Australiana di nascita ma residente a Berlino, la polistrumentista Judith Hamann ha sviluppato nel tempo un approccio personale alla composizione. Le atmosfere crepuscolari delle sue produzioni nascono dall'interesse verso una forma minimale di elettroacustica e dalla suggestione ipnotica dei suoni sordi, vibranti e insistenti, emessi principalmente dal violoncello (strumento di cui è solista). Field recordings, voce, organo e synth sono altri elementi che troviamo soprattutto nel più recente “Aunes”, album disponibile nei formati digitale e vinile (quest'ultimo a cura dell'etichetta francese Shelter Press).

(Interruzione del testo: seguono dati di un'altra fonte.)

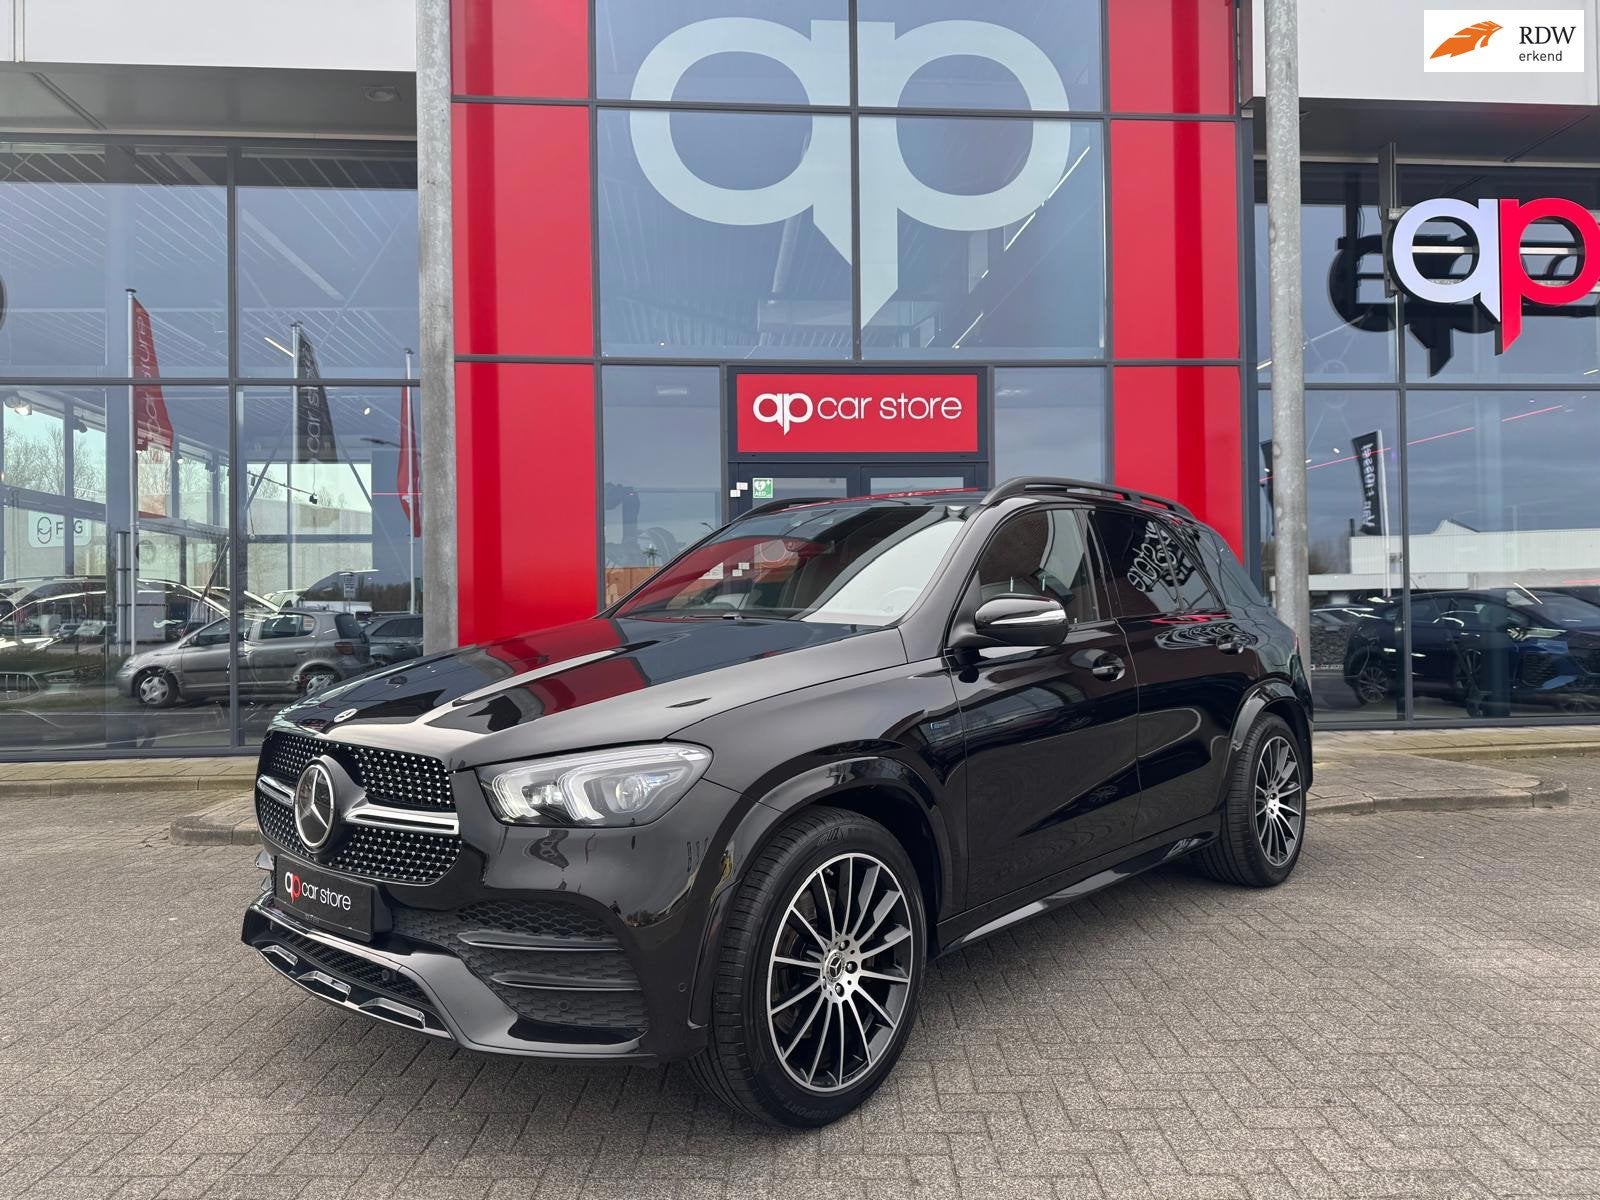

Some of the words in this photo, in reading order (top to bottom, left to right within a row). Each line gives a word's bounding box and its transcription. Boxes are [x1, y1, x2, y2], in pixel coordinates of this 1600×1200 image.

[752, 392, 813, 436] ap
[816, 396, 872, 420] car
[879, 392, 963, 420] store
[285, 871, 302, 903] ap
[301, 882, 319, 900] car
[319, 887, 351, 911] store

“Aunes” - titolo mutuato dal nome di un'antica unità di misura in uso nel nord Europa, l'auna - è una collezione di sei pezzi composti nel corso di sette anni con l'ausilio anche di tecniche meno convenzionali come il collage sonoro che Hamann evidentemente utilizza con l'intenzione di giungere a un risultato coeso e omogeneo. Assorta in un'atmosfera meditativa dai connotati quasi liturgici, l'introduttiva “By The Line” si regge sui toni gravi di tastiera e su flebili incursioni vocali a metà tra ASMR e frammentarie intuizioni tematiche. Dopo un intermezzo (in verità un po' superfluo) affidato esclusivamente a field recordings e voce (“Casa di Riposo, Gesù Redentore”), “Seventeen Fabrics Of Measure” mostra nei suoi oltre sei minuti uno sviluppo maggiormente evoluto. Il tono umorale rimane brumoso e vespertino e l'abilità di Hamann nel lavoro di montaggio e utilizzo di molteplici e differenti sorgenti sonore qui è palese.
“Lung Song”, interamente costruita su registrazioni di rantoli, fischi e respiri prodotti dalla stessa Hamann (che pare soffrire di crisi d'asma), è quantomai emblematica. Solo un sound artist avrebbe potuto pensare di registrare il suono prodotto dai propri bronchi affaticati.
Il sobrio e raccolto misticismo torna nuovamente in “Schloss, Night”, traccia intrisa della fragile vocalità della Hamann che si accompagna all'organo mentre ai bordi dello spettro sonoro si generano micro-eventi sonori accidentali. La conclusiva “Neither From Nor Towards” sembra tornare addirittura a suggestioni rinascimentali e al folk britannico (soprattutto nell'impostazione vocale, non più rarefatta e frammentata). Una lunga cantata per voce e violoncello, costruita attorno a un'unica idea tematica riproposta in innumerevoli variazioni e improvvisazioni. Una traccia che è al tempo stesso conclusione e inizio del viaggio.
“Aunes” è disco eclettico ma non incoerente anche se alcune intuizioni paiono ancora poco centrate. Nonostante ciò, questo album è certamente un importante tassello nel percorso artistico di Judith Hamann.